Introduction

Noroviruses (NoVs) are a major cause of infectious intestinal disease transmitted by food or water. The major vehicles of transmission include shellfish, fruits, vegetables and water contaminated by fecal matter. NoVs are members of the Caliciviridae family and non-enveloped, icosahedral viruses about 27–35 nm in diameter containing a genome that is 7–7.5 kilobases of poly-adenylated, positive sense, single-stranded RNA [1]. NoVs have been divided into five genogroups, GI–GV [2]. GI and GII strains are human pathogens, the latter being detected more frequently throughout the world and predominant in outbreaks. HuNoV is the most frequent causes of foodborne diseases of viral etiology in the USA, causing over 5.4 million illnesses each year. Indirect transmission follows ingestion of contaminated food or water [3]. Estimates say that these viruses are responsible for 59 % of all domestically acquired foodborne illnesses in the USA. NoVs are responsible for the major part (99 %) of these events causing annually an estimated 5.5 million foodborne illness cases [4]. Likewise, foodborne viruses are an important causative agent of foodborne outbreaks in Europe, causing 15.0 % of all outbreaks. In the latter outbreaks, NoVs were the most important foodborne viruses [5].
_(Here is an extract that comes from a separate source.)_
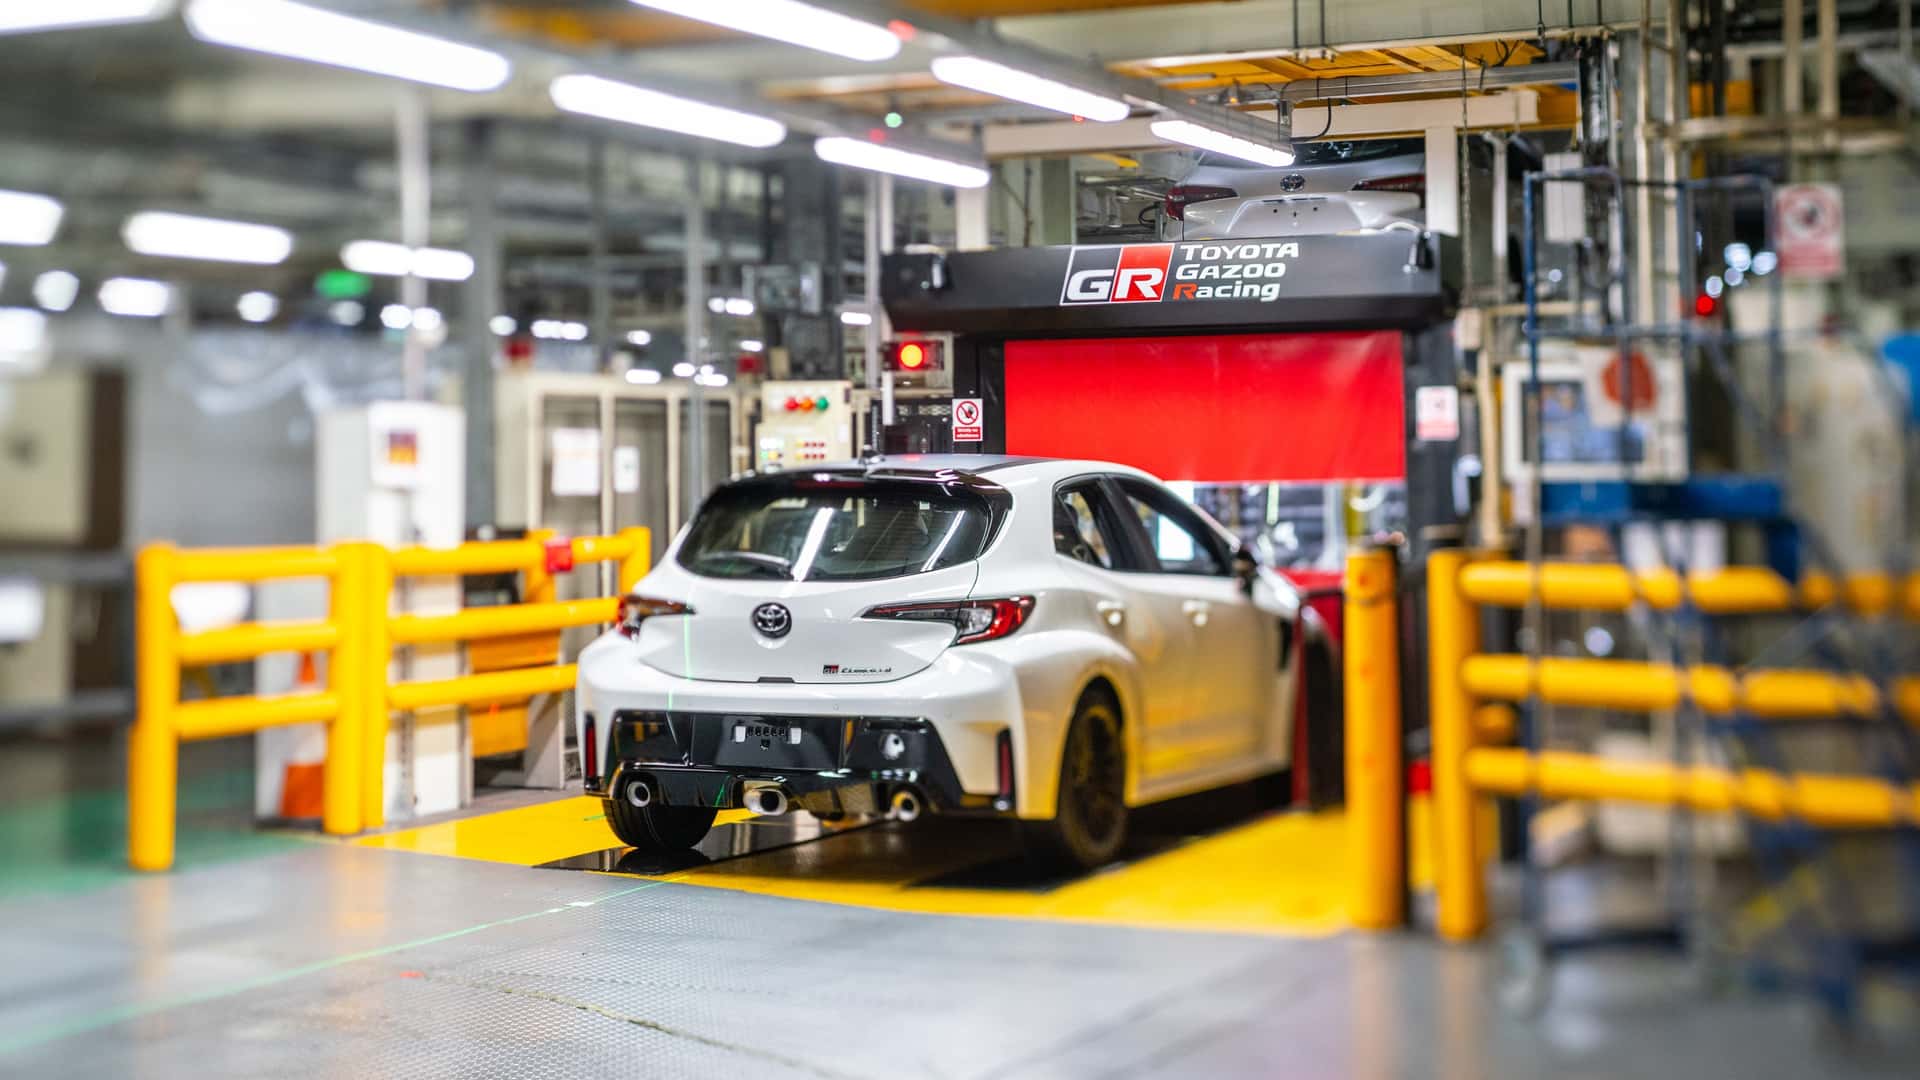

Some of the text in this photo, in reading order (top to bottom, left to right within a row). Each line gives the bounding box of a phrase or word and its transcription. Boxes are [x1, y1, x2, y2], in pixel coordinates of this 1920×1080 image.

Recently, the methods have used to recover NoVs by using polyethylene glycol (PEG) precipitation or ultracentrifugation for virus concentration. But, for different types of drinking water and vegetables matrices, several techniques combining various buffer solutions for concentration and purification have been evaluated and optimized [610]. So, we need to use different methods to detect NoVs in different types of food products. In this study, microporous membrane adsorption method followed by real-time reverse transcription was used for the detection of viruses from drinking water and vegetables, instead of time-consuming PEG precipitation method that uses complicated and varied buffer. The basic principle of this method is cellulose nitrate membrane of pore diameter 0.45 μm filtration and ultrasonic elution. The aim of this study was to establish a universal method to recover and detect NoVs in vegetables and drinking water samples at the same time.

Materials and methods

Virus samples

Stool samples that tested positive for NoVs by electron microscope (EM) and RT-PCR were obtained from Zhejiang provincial center for disease control and prevention. Each stool sample was prepared by making a 1:10 (wt/vol) dilution in minimum essential medium (MEM)followed by thorough mixing and centrifugation at 3,000×g for 5 min. Supernatants were used as virus samples and were stored at −80 °C until use. The titers of the clarified fecal suspensions were established in NoV GI and NoV GII genomic copies with real-time RT-PCR standard curve obtained with the tenfold diluted in vitro RNA transcripts. The clarified suspension stocks of NoV GI and NoV GII had titers of approximately 4.13 × 105 genome copies/mL and 2.94 × 105 genome copies/mL, respectively.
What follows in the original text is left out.